Instructions for the task:
Skip the pictures. Transcribe the rest of the data below without changing a word.

Dataset records:

----------

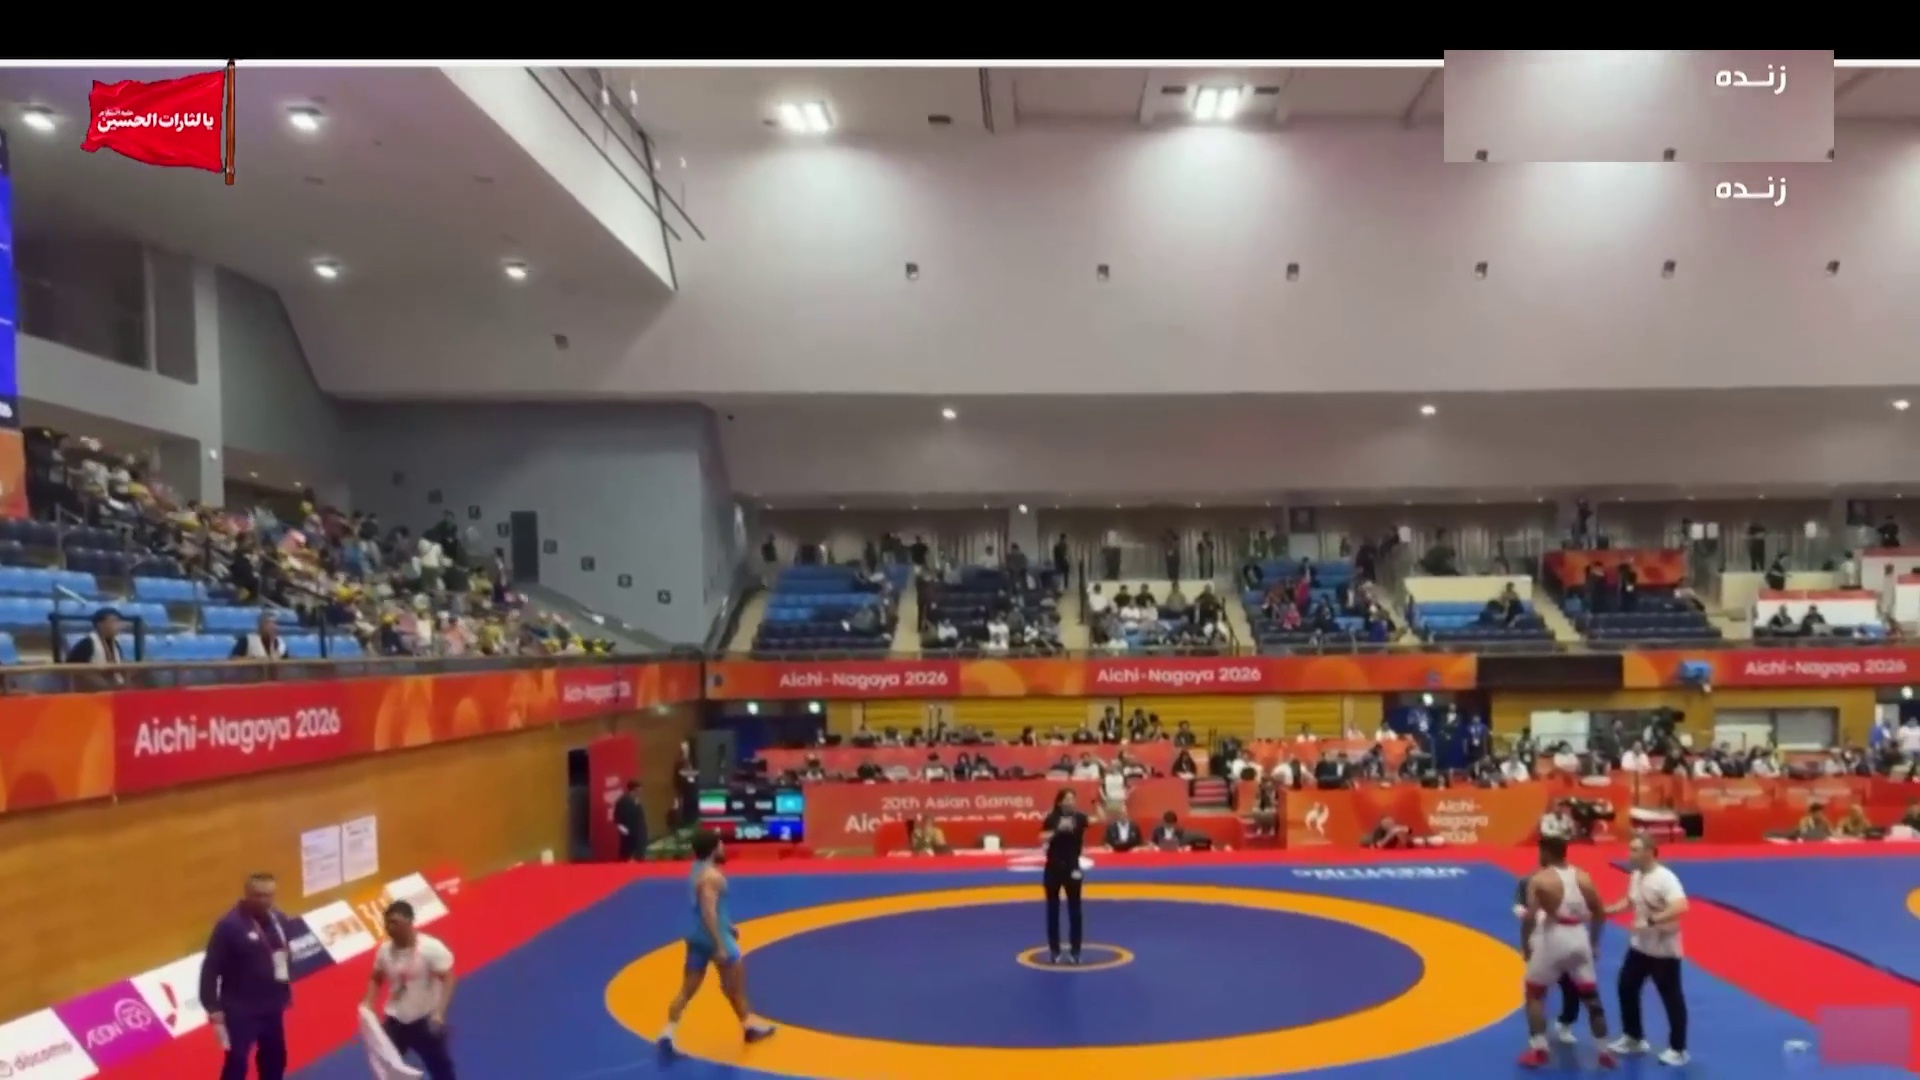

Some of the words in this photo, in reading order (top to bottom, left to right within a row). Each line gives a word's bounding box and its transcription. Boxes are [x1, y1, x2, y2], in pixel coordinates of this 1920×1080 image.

[1097, 666, 1215, 687] Aichi-Nagoya
[1218, 666, 1262, 683] 2026
[1744, 658, 1862, 679] Aichi-Nagoya
[779, 671, 900, 691] Aichi-Nagoya
[904, 671, 949, 687] 2026
[133, 714, 291, 758] Aichi-Nagoya
[294, 706, 341, 740] 2026
[881, 796, 920, 811] 20th
[924, 796, 971, 810] Asian
[974, 794, 1035, 810] Games
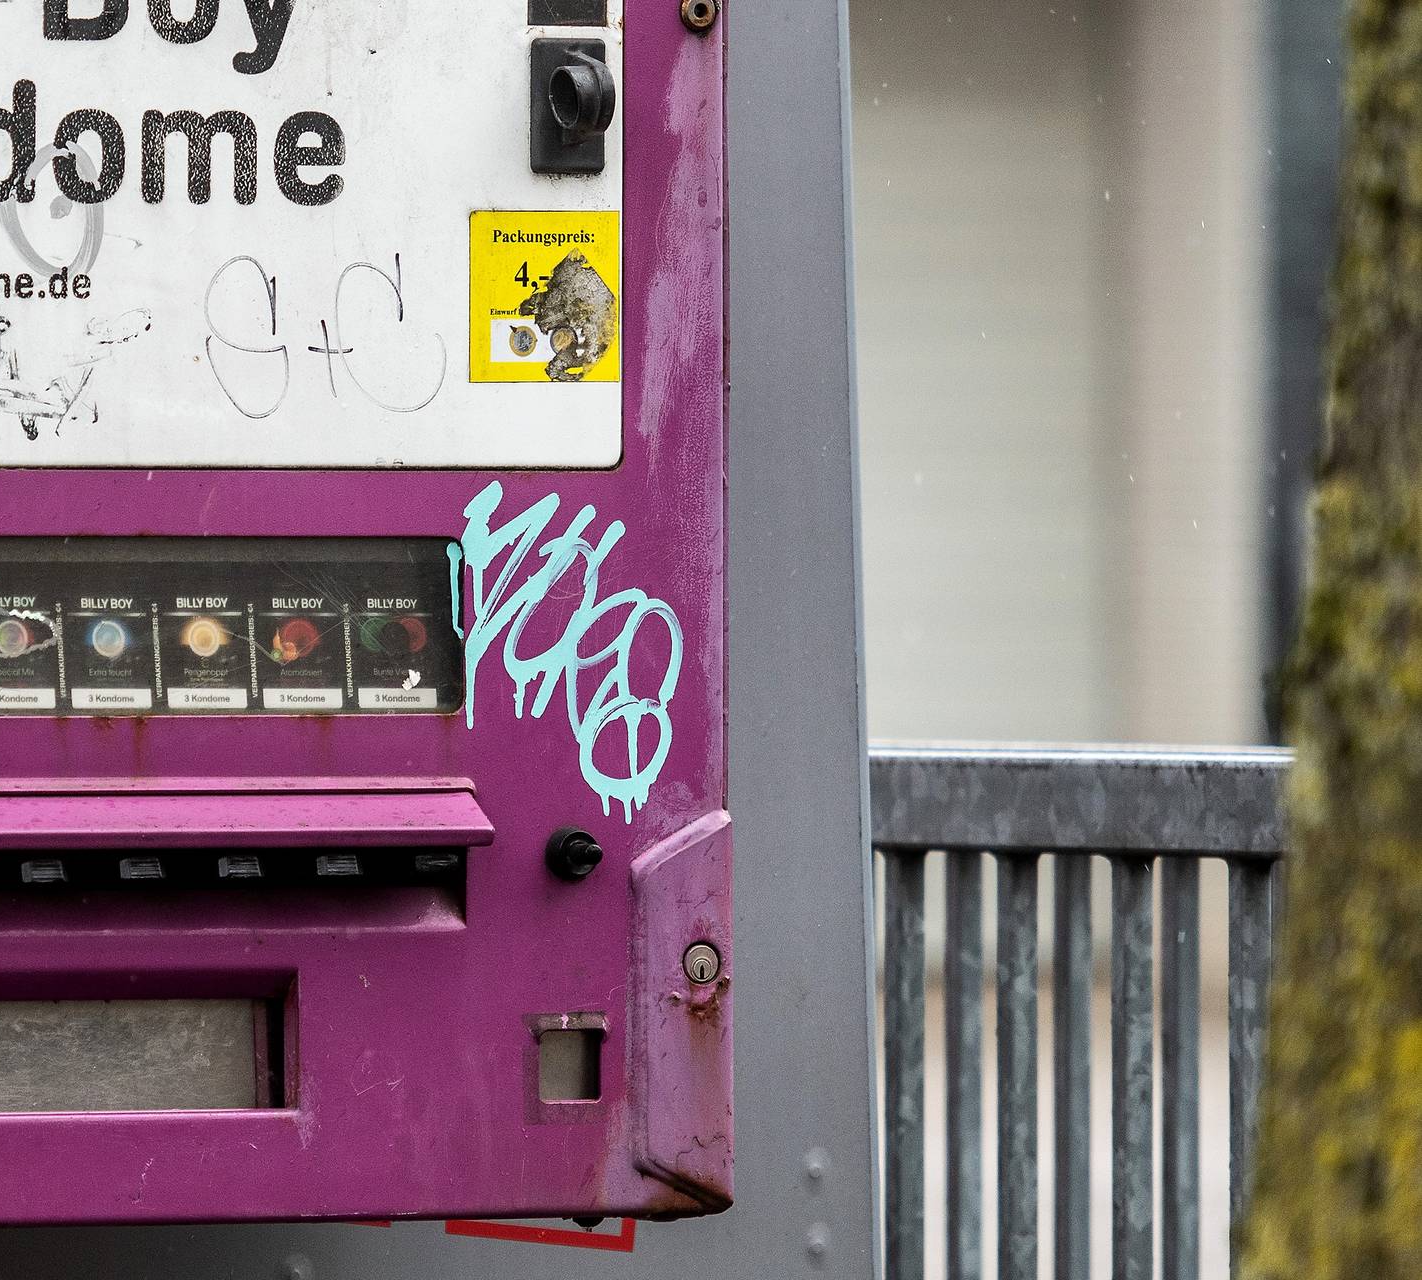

----------

Result of the exercise:
Some of the words in this photo, in reading order (top to bottom, left to right within a row). Each line gives a word's bounding box and its transcription. Boxes are [x1, y1, x2, y2], in pixel coordinates of this 1920×1080 image.

[1097, 666, 1215, 687] Aichi-Nagoya
[1218, 666, 1262, 683] 2026
[1744, 658, 1862, 679] Aichi-Nagoya
[779, 671, 900, 691] Aichi-Nagoya
[904, 671, 949, 687] 2026
[133, 714, 291, 758] Aichi-Nagoya
[294, 706, 341, 740] 2026
[881, 796, 920, 811] 20th
[924, 796, 971, 810] Asian
[974, 794, 1035, 810] Games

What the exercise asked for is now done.